• Annotated photo localization data:
========

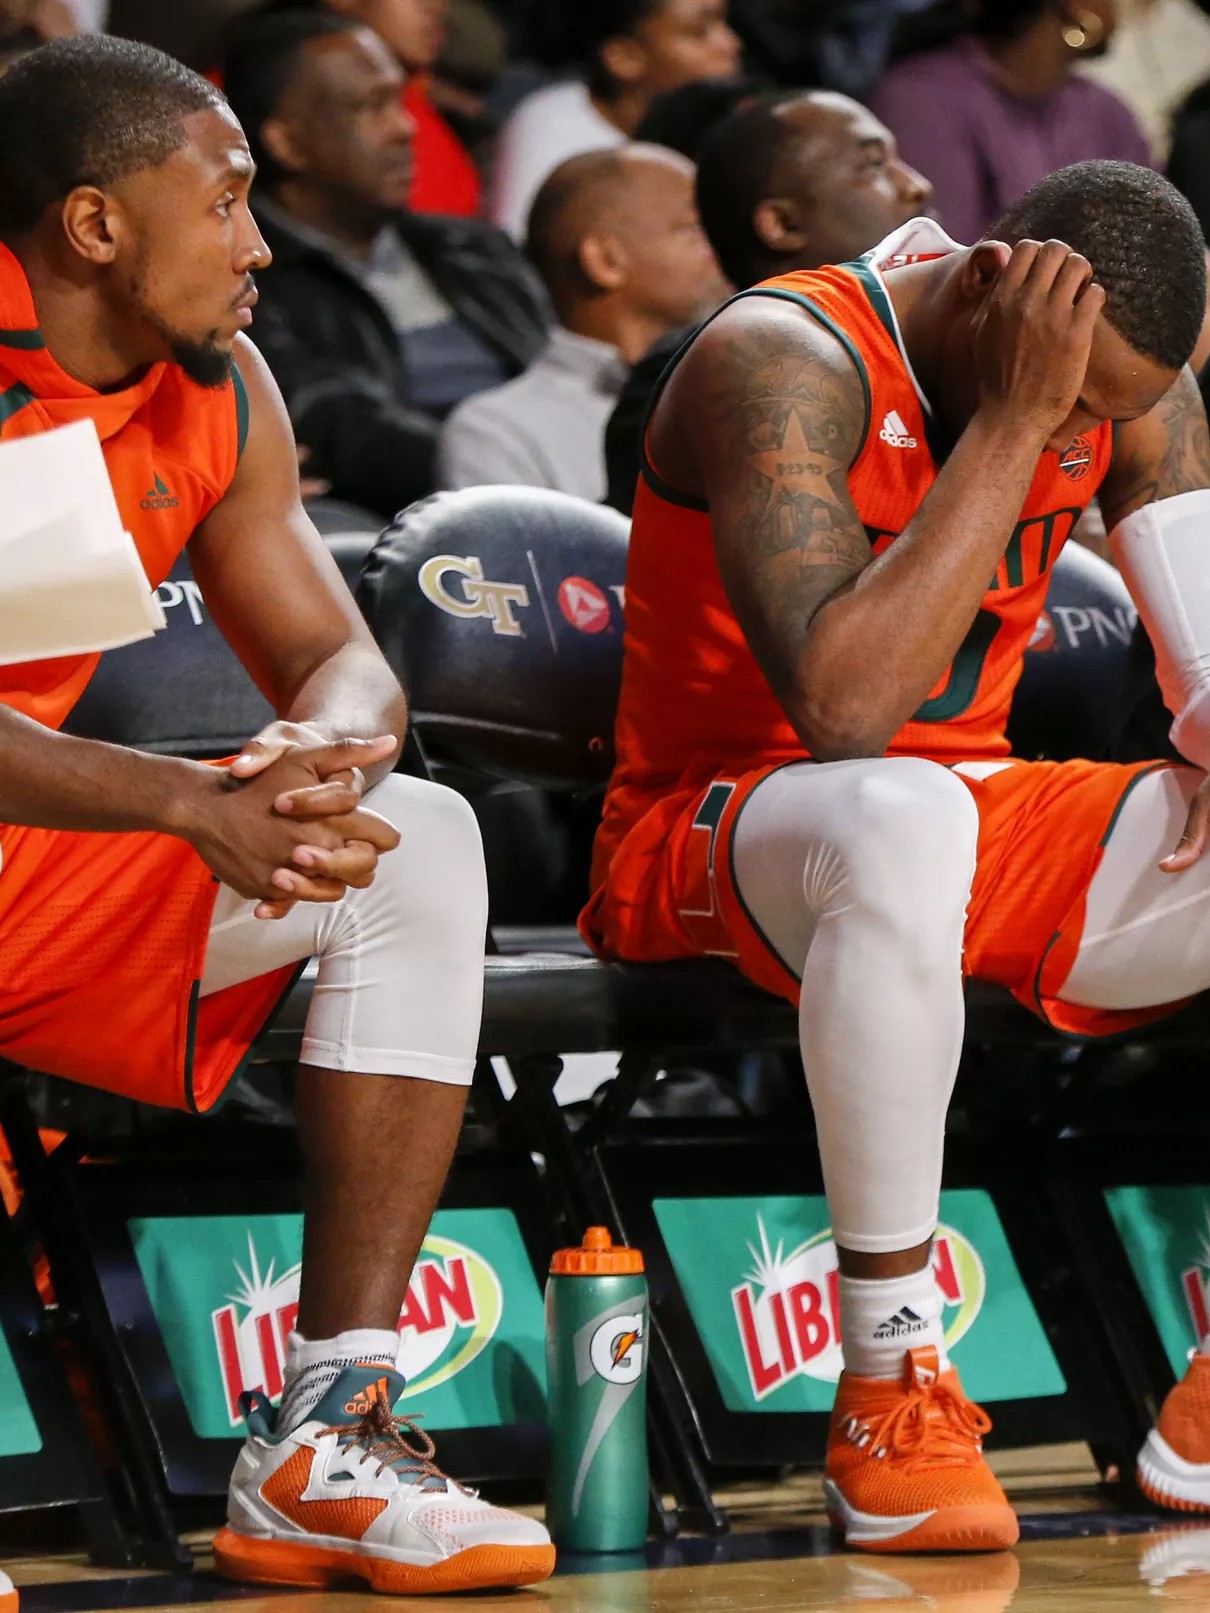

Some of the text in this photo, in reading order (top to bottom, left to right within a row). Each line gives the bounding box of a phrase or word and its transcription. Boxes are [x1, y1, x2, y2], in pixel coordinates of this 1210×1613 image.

[1052, 606, 1138, 648] PN
[213, 1257, 478, 1424] LIAN
[734, 1237, 963, 1396] LIBN
[873, 1319, 929, 1339] adidas

========

• WHAT TO WORK ON: Give back the records above exactly, with no pictures.

• FINAL ANSWER:
Some of the text in this photo, in reading order (top to bottom, left to right within a row). Each line gives the bounding box of a phrase or word and its transcription. Boxes are [x1, y1, x2, y2], in pixel coordinates of this 1210×1613 image.

[1052, 606, 1138, 648] PN
[213, 1257, 478, 1424] LIAN
[734, 1237, 963, 1396] LIBN
[873, 1319, 929, 1339] adidas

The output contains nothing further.